:: Exercise details ::
Return every record verbatim, omitting all pictures.

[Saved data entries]
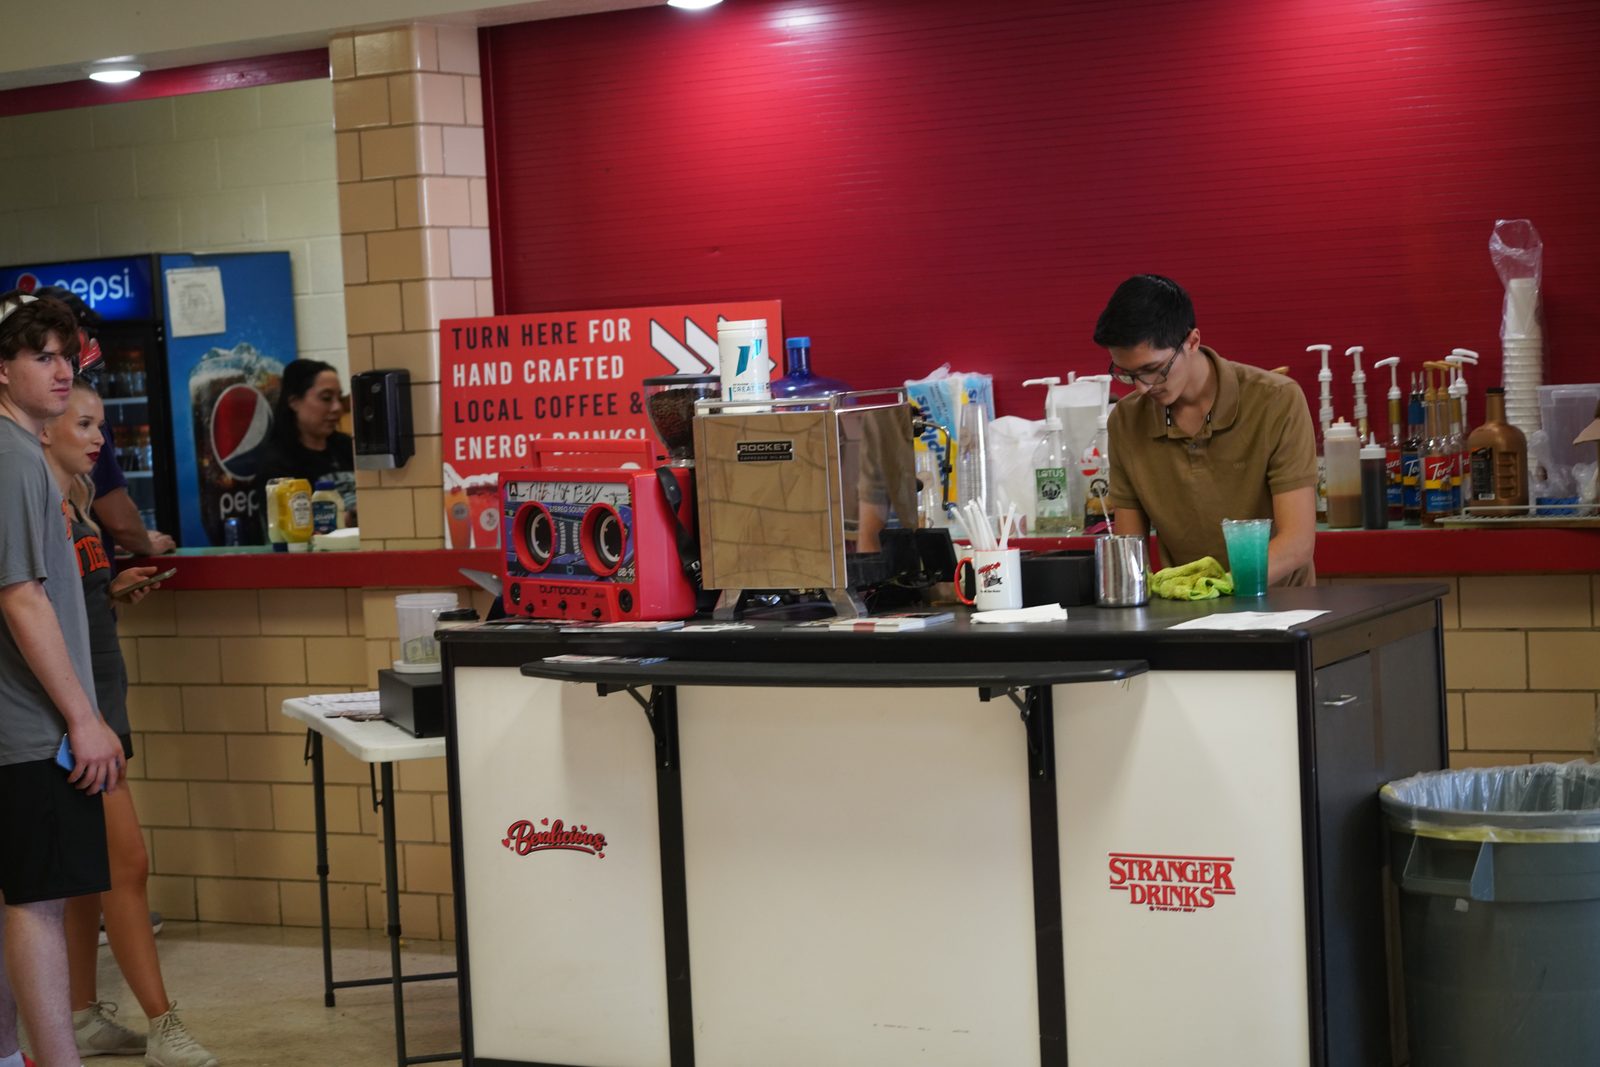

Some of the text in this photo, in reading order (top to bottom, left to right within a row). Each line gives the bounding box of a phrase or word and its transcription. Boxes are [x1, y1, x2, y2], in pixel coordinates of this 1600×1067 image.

[452, 318, 631, 350] TURN HERE FOR
[452, 355, 624, 387] HAND CRAFTED
[732, 384, 766, 393] CREAT
[454, 391, 644, 424] LOCAL COFFEE &
[739, 443, 789, 452] ROCKET
[1037, 469, 1064, 478] LOTUS
[220, 489, 259, 520] pep
[1108, 857, 1235, 890] STRANGER
[1129, 883, 1215, 908] DRINKS
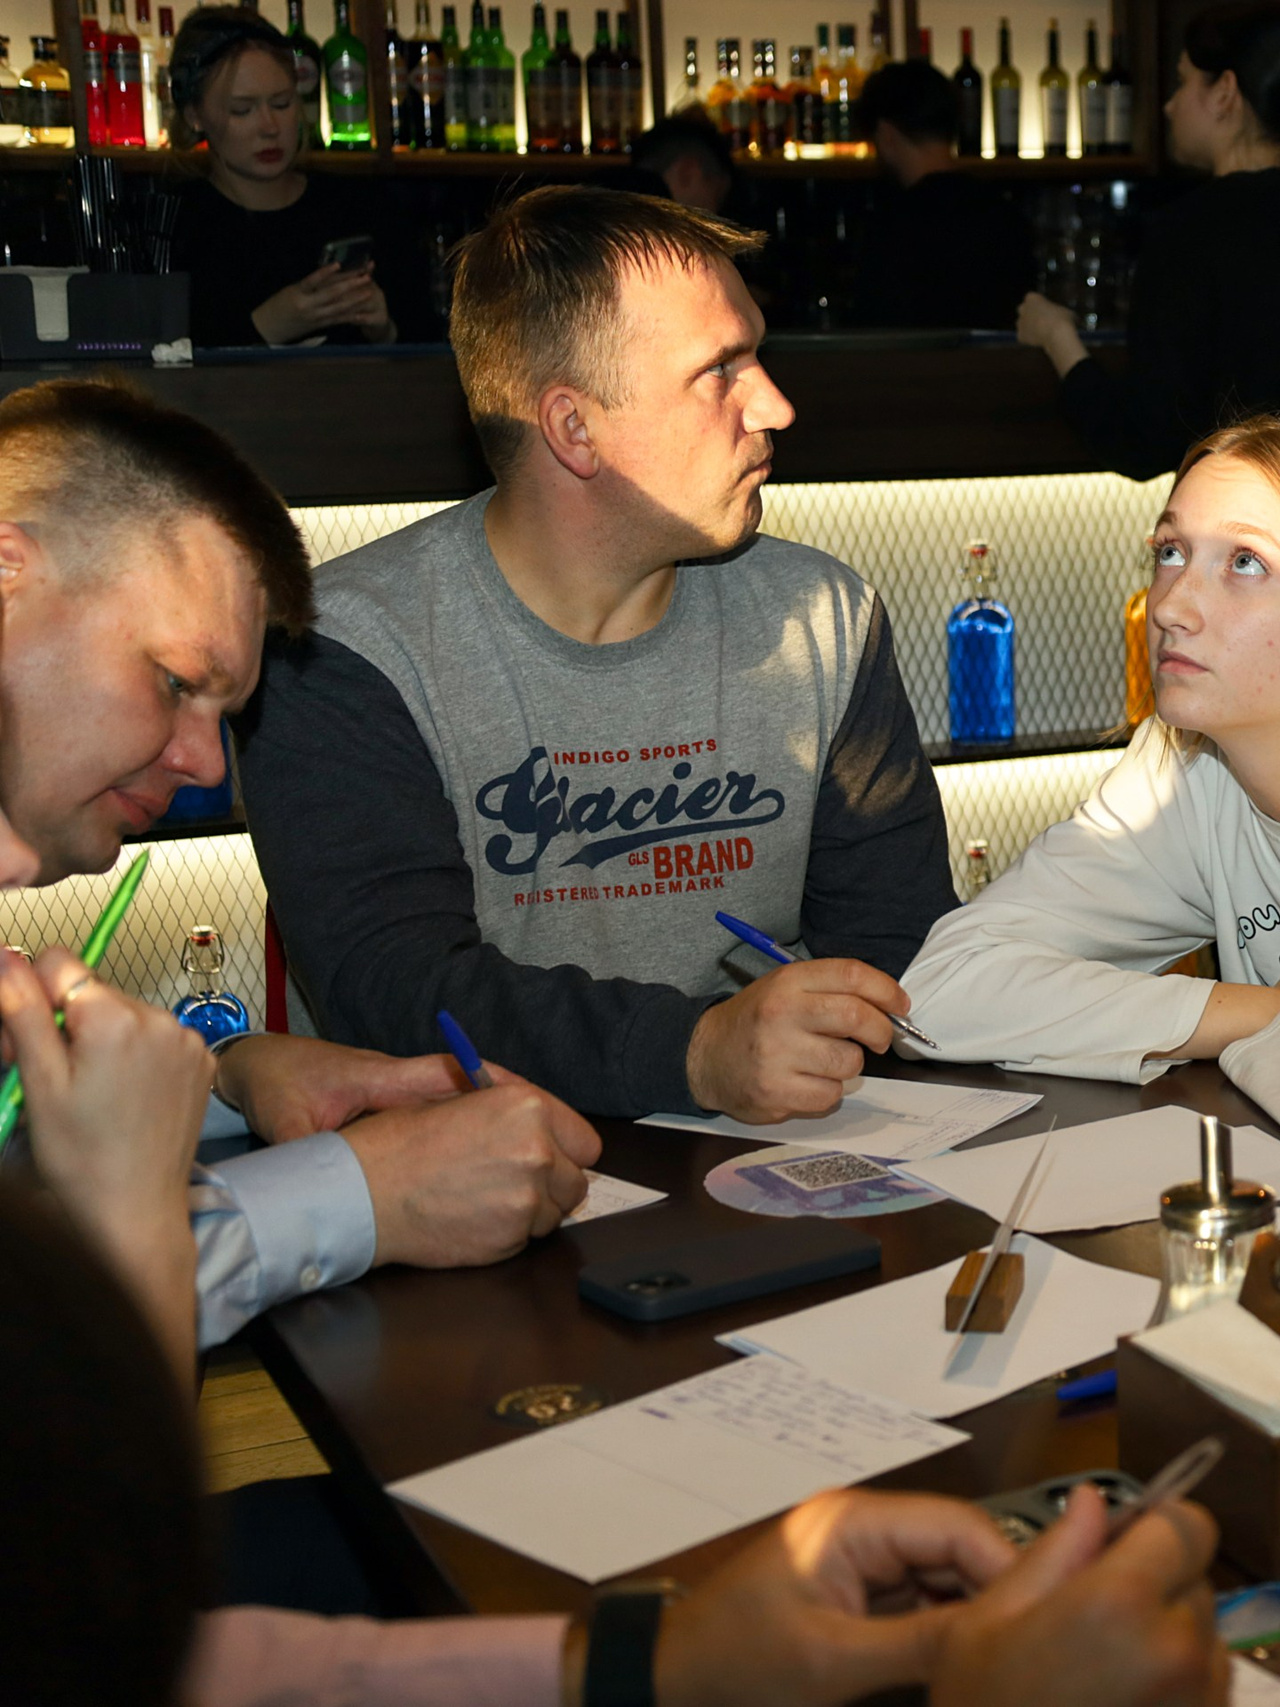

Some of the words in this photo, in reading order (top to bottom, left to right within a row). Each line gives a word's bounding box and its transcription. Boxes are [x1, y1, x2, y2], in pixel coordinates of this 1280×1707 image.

[552, 749, 630, 766] INDIGO
[640, 738, 717, 761] SPORTS
[474, 746, 785, 876] Glacier
[628, 851, 650, 866] GLS
[653, 837, 754, 879] BRAND
[603, 876, 725, 900] TRADEMARK
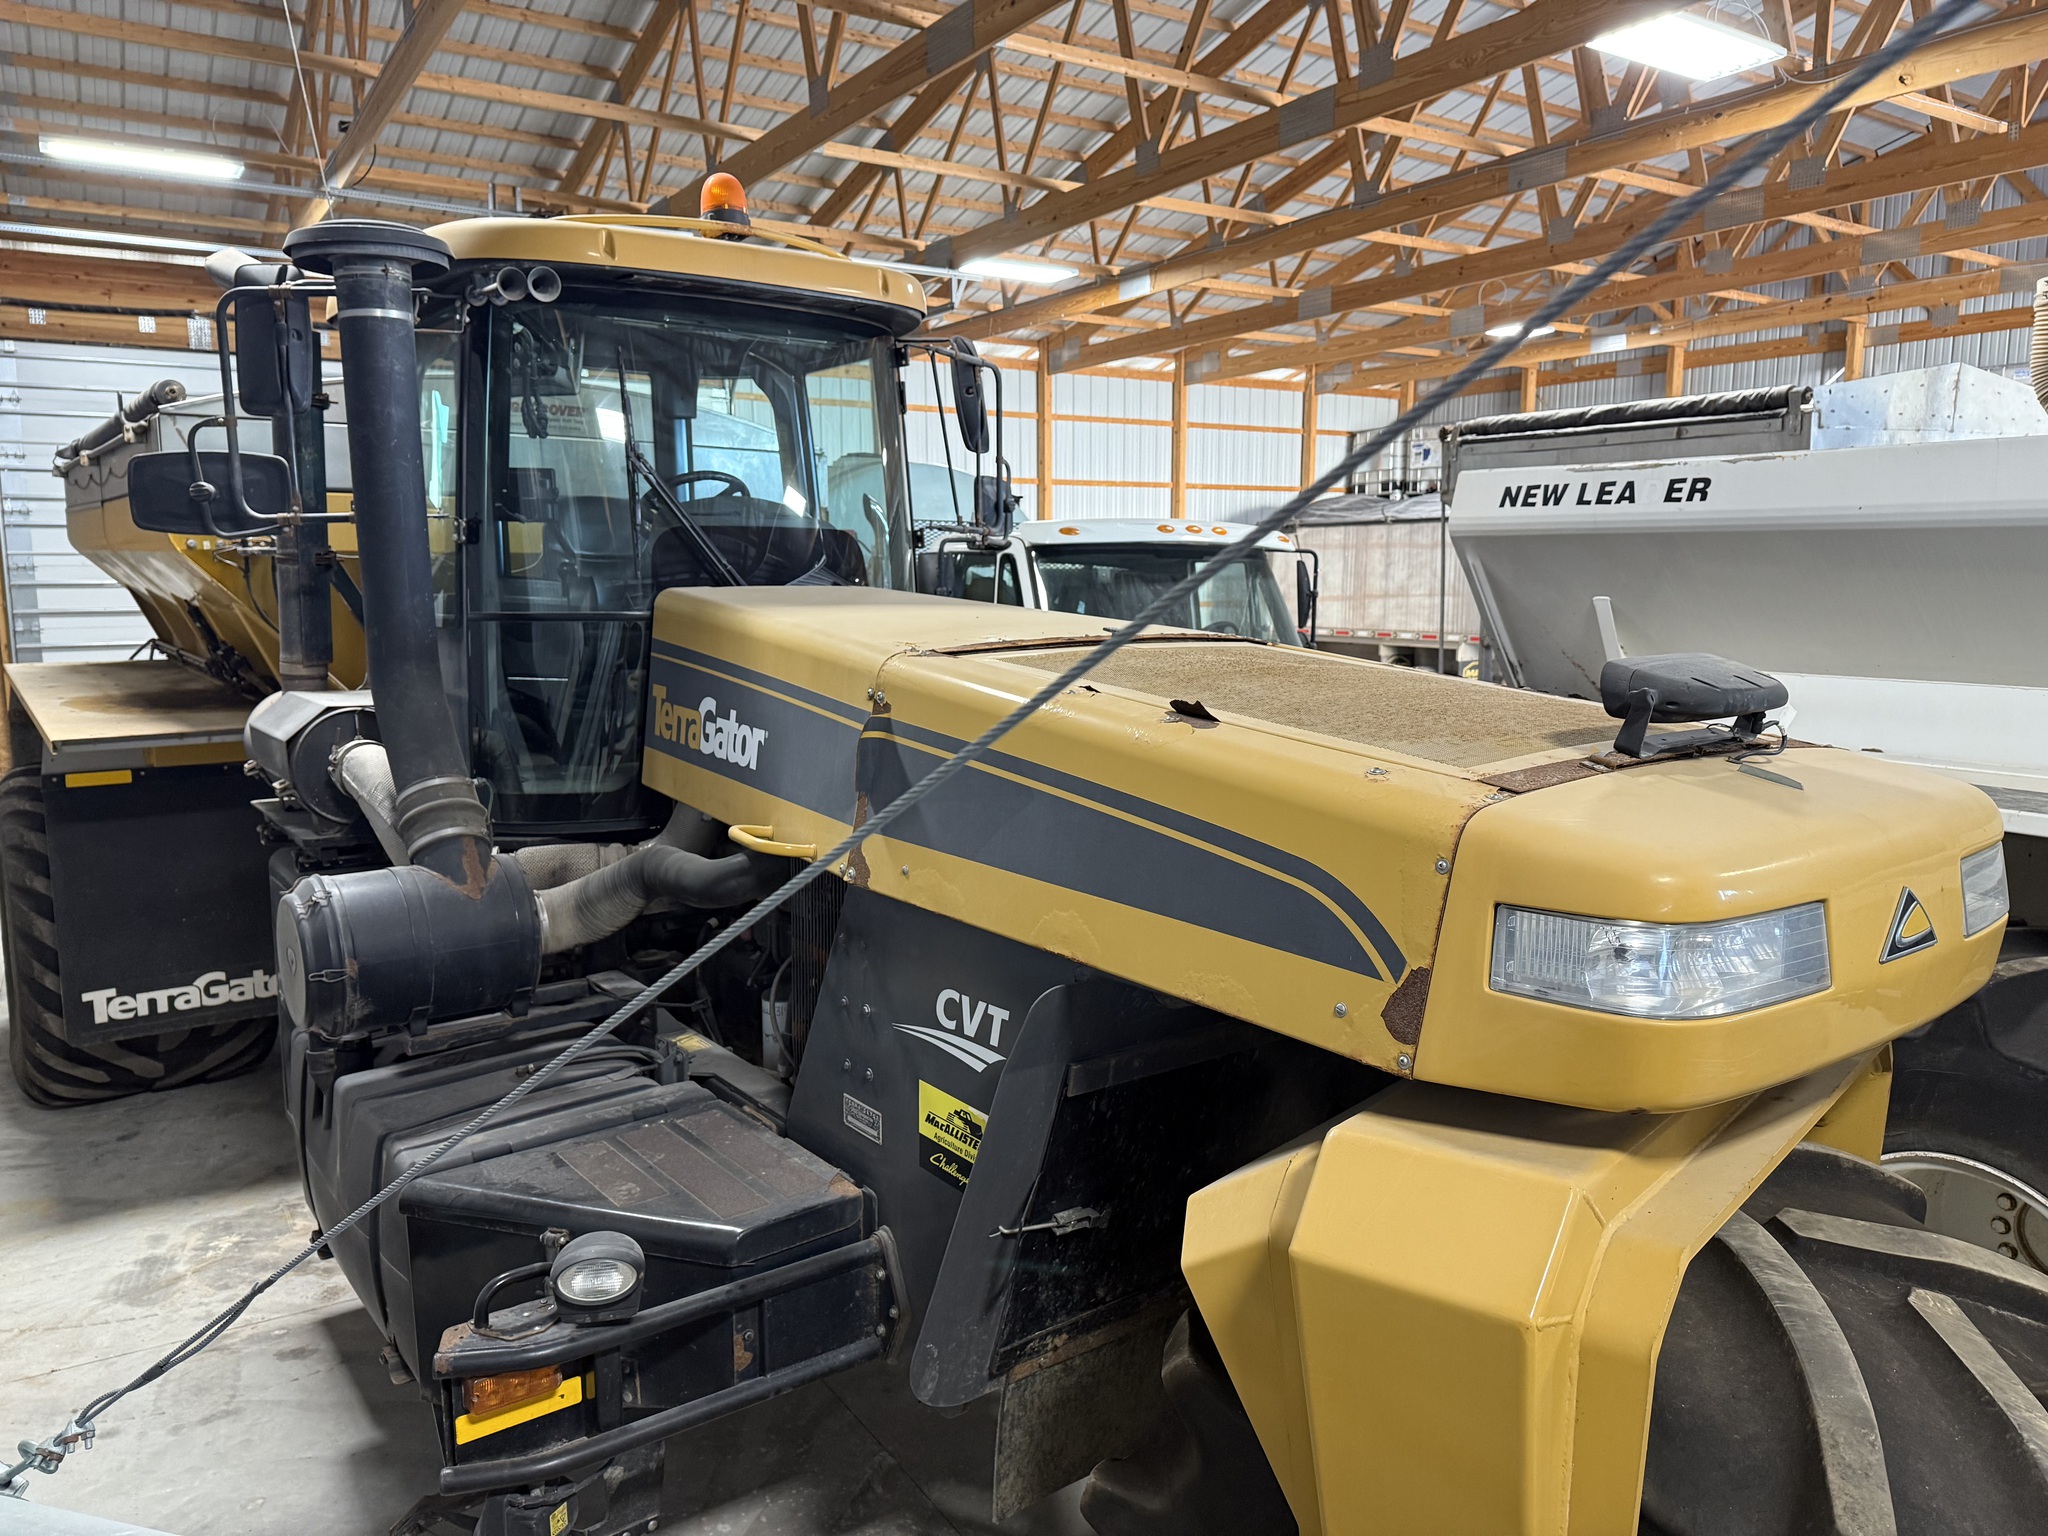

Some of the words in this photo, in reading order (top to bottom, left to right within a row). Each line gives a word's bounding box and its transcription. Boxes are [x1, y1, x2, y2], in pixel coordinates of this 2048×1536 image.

[1499, 483, 1569, 508] NEW
[1576, 477, 1712, 506] LEAER
[652, 684, 766, 770] TerraGator
[935, 988, 1010, 1047] CVT
[925, 1113, 980, 1150] MacALLISTE
[934, 1132, 964, 1155] Agriculture
[965, 1148, 976, 1162] Divi
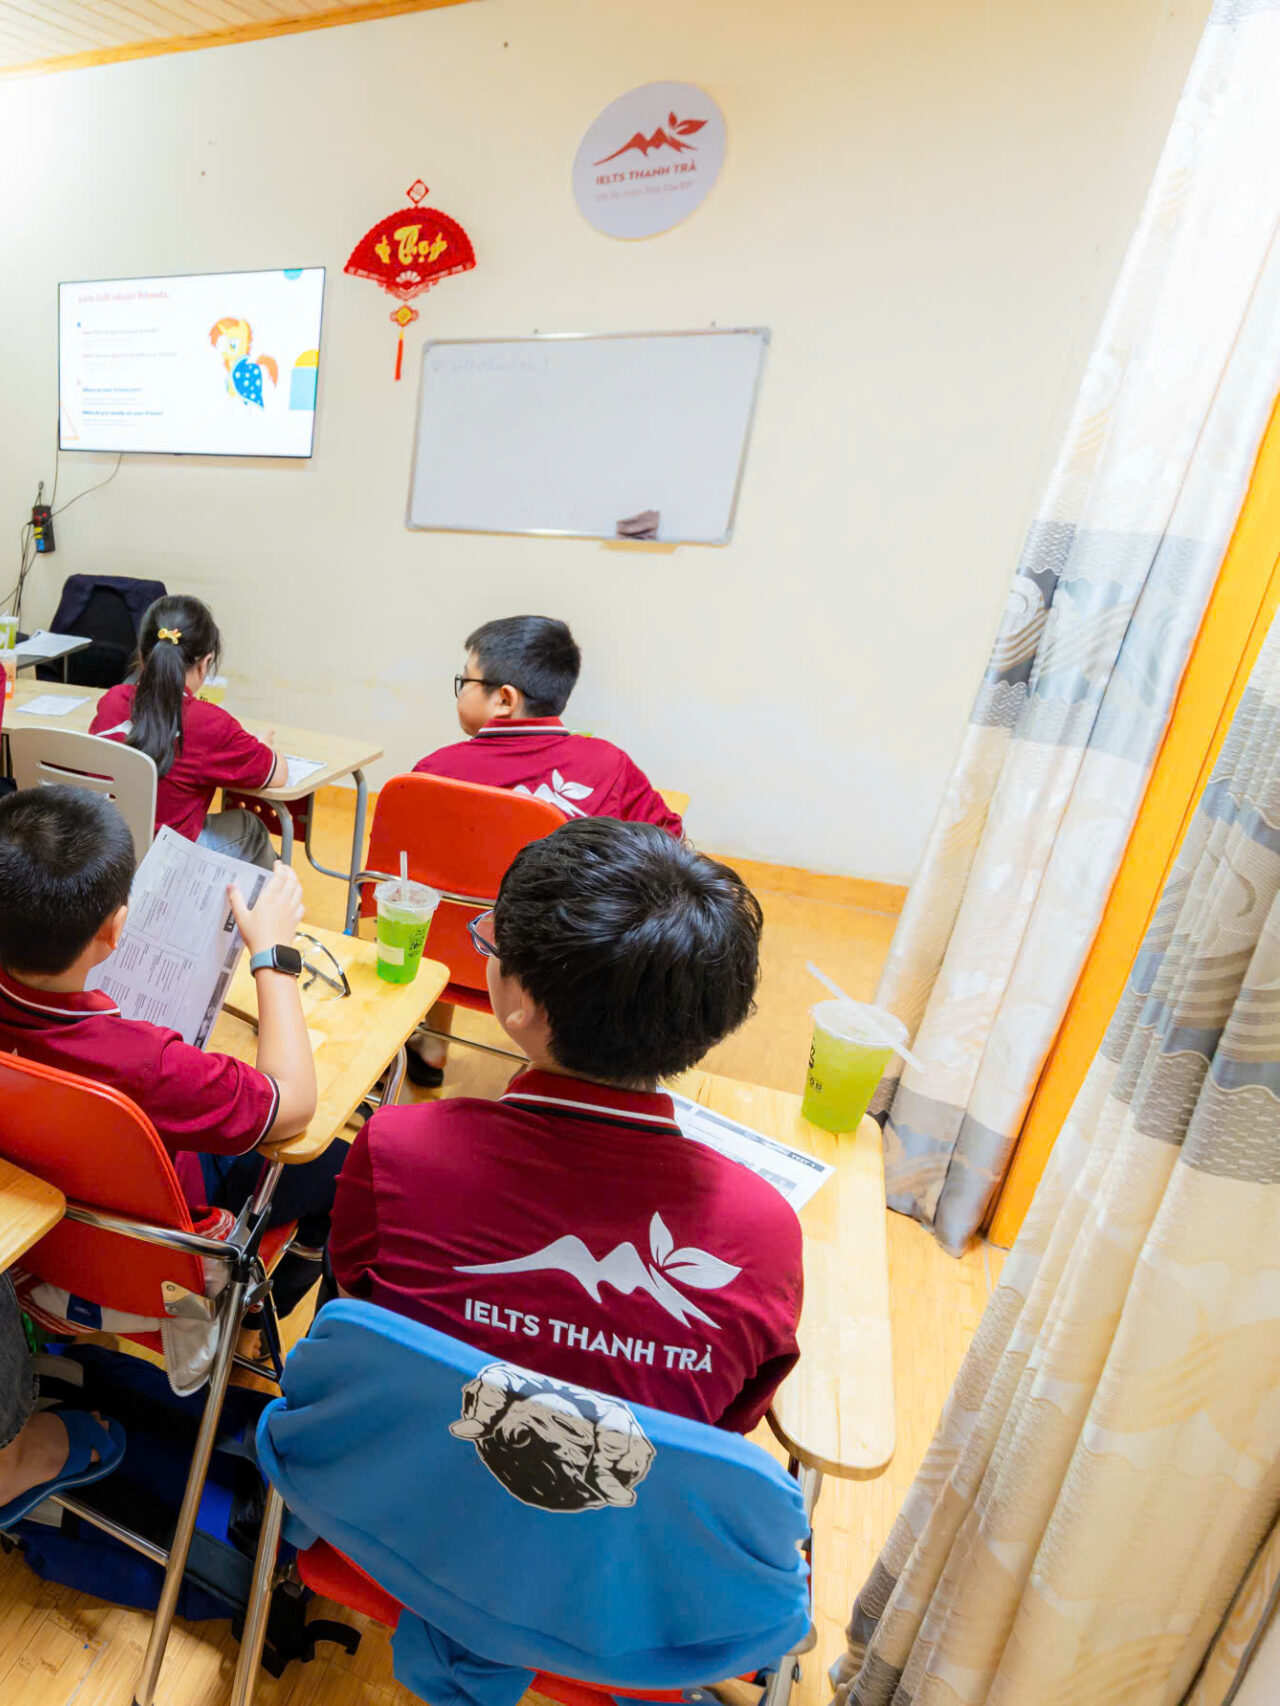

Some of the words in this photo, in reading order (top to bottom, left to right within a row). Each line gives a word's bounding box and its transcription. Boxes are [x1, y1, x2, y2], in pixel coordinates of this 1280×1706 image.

:: Result below ::
Some of the text in this photo, in reading order (top to bottom, left to right within a row). Each line gives the bounding box of a phrase or word and its transcription. Boxes are [x1, y1, x2, y2], in pixel coordinates of this 1600×1067 image.

[452, 318, 631, 350] TURN HERE FOR
[452, 355, 624, 387] HAND CRAFTED
[732, 384, 766, 393] CREAT
[454, 391, 644, 424] LOCAL COFFEE &
[739, 443, 789, 452] ROCKET
[1037, 469, 1064, 478] LOTUS
[220, 489, 259, 520] pep
[1108, 857, 1235, 890] STRANGER
[1129, 883, 1215, 908] DRINKS

Some of the words in this photo, in reading order (top to bottom, left to right within a row). Each line gives a word's bounding box and its transcription. Boxes are [x1, y1, x2, y2], in pixel coordinates of this 1280×1707 image.

[552, 749, 630, 766] INDIGO
[640, 738, 717, 761] SPORTS
[474, 746, 785, 876] Glacier
[628, 851, 650, 866] GLS
[653, 837, 754, 879] BRAND
[603, 876, 725, 900] TRADEMARK

Some of the words in this photo, in reading order (top to bottom, left to right within a row). Each line gives a word's bounding box and its transcription. Boxes are [x1, y1, x2, y2], in pixel coordinates of this 2048×1536 image.

[1499, 483, 1569, 508] NEW
[1576, 477, 1712, 506] LEAER
[652, 684, 766, 770] TerraGator
[935, 988, 1010, 1047] CVT
[925, 1113, 980, 1150] MacALLISTE
[934, 1132, 964, 1155] Agriculture
[965, 1148, 976, 1162] Divi

Some of the words in this photo, in reading order (top to bottom, left to right within a row). Each line gives a word's bounding box and its transcription. Boxes are [x1, y1, x2, y2], in pixel coordinates of this 1280×1706 image.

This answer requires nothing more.